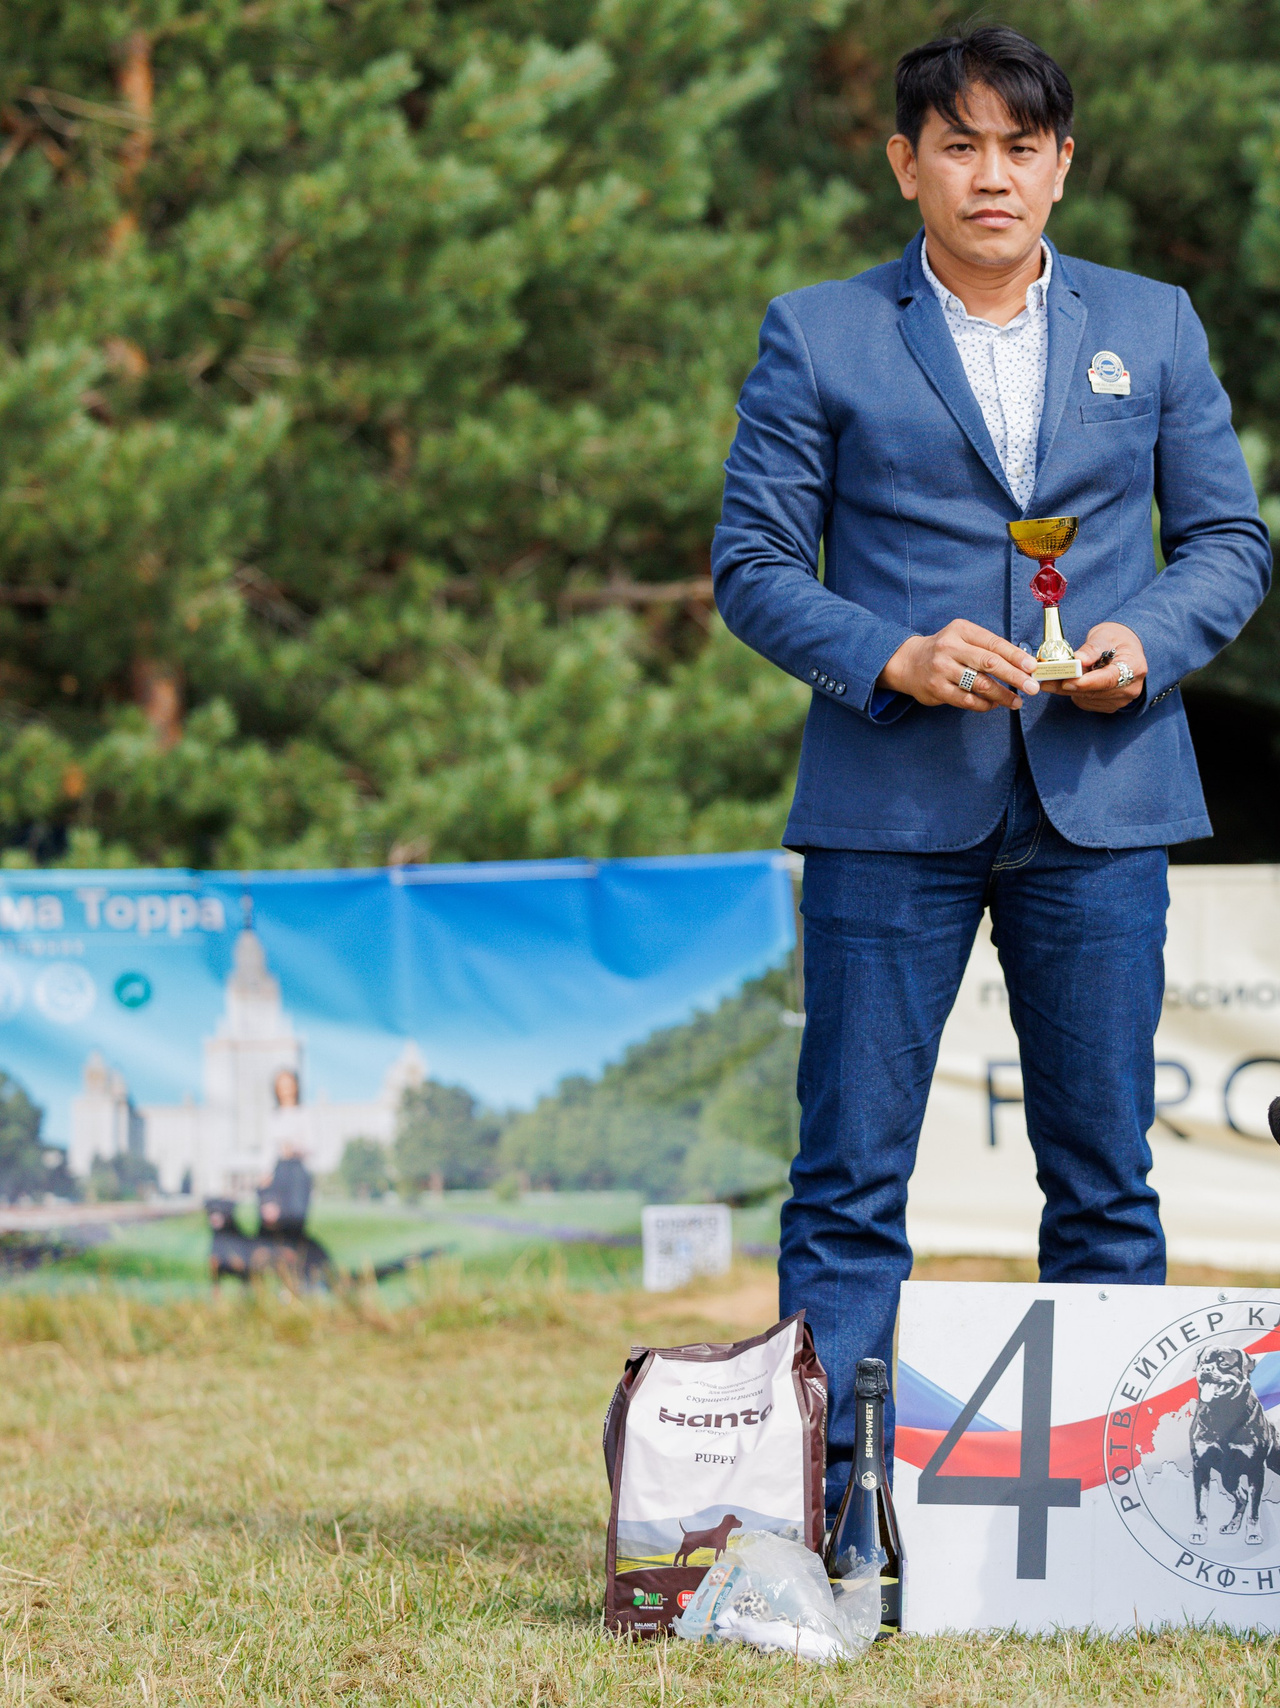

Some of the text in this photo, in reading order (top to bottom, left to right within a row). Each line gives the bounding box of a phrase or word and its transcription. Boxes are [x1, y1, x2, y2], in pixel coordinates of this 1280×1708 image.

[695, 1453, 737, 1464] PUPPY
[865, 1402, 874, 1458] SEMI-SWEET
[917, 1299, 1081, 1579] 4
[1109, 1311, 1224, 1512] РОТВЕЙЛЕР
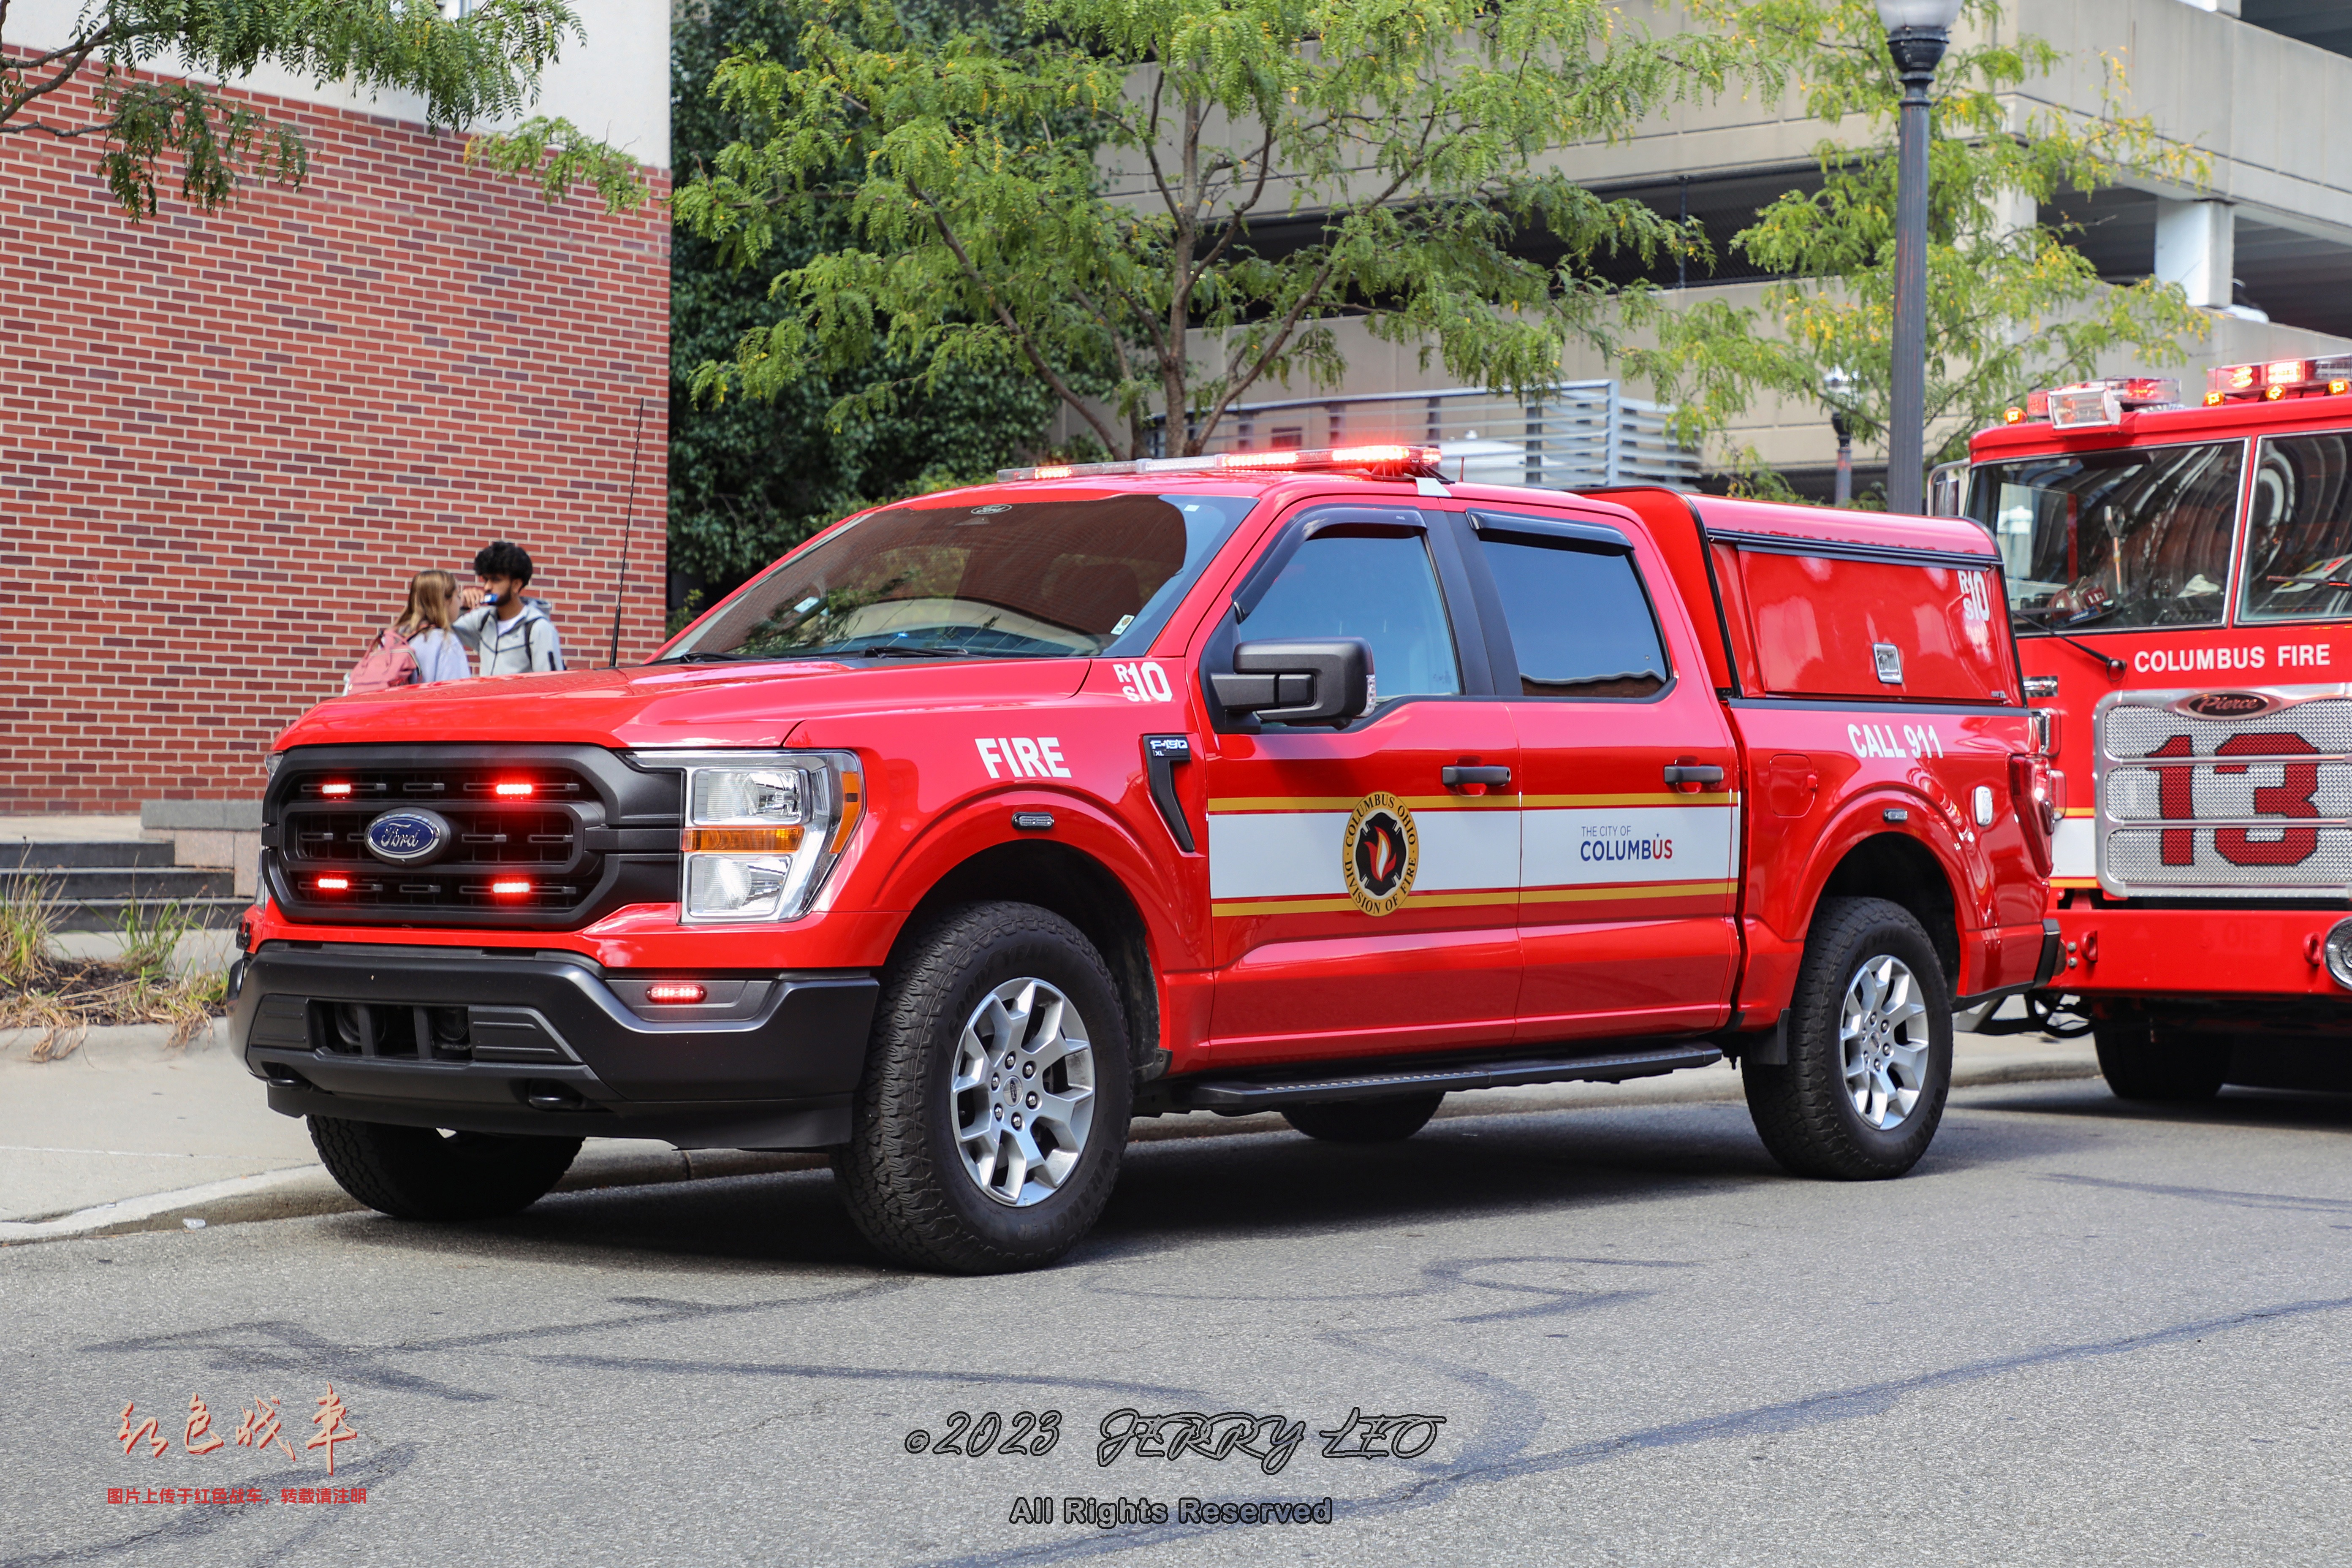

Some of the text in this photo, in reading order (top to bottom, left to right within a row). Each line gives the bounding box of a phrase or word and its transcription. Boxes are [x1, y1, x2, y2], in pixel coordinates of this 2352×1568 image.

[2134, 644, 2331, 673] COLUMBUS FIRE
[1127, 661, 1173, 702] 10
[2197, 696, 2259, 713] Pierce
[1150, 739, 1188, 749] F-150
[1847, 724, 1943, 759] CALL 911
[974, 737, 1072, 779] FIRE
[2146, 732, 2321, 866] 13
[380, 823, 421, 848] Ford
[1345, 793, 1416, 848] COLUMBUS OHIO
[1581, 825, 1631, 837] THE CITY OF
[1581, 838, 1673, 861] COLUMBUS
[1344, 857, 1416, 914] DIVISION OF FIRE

▬▬▬

◆ TASK DIRECTIONS ◆
All lines of the material above should be returned unchanged, but no pictures should be included.

◆ WRITTEN RESPONSE ◆
Some of the text in this photo, in reading order (top to bottom, left to right within a row). Each line gives the bounding box of a phrase or word and its transcription. Boxes are [x1, y1, x2, y2], in pixel coordinates of this 1280×1708 image.

[695, 1453, 737, 1464] PUPPY
[865, 1402, 874, 1458] SEMI-SWEET
[917, 1299, 1081, 1579] 4
[1109, 1311, 1224, 1512] РОТВЕЙЛЕР

Some of the text in this photo, in reading order (top to bottom, left to right within a row). Each line gives the bounding box of a phrase or word and its transcription. Boxes are [x1, y1, x2, y2], in pixel coordinates of this 2352×1568 image.

[2134, 644, 2331, 673] COLUMBUS FIRE
[1127, 661, 1173, 702] 10
[2197, 696, 2259, 713] Pierce
[1150, 739, 1188, 749] F-150
[1847, 724, 1943, 759] CALL 911
[974, 737, 1072, 779] FIRE
[2146, 732, 2321, 866] 13
[380, 823, 421, 848] Ford
[1345, 793, 1416, 848] COLUMBUS OHIO
[1581, 825, 1631, 837] THE CITY OF
[1581, 838, 1673, 861] COLUMBUS
[1344, 857, 1416, 914] DIVISION OF FIRE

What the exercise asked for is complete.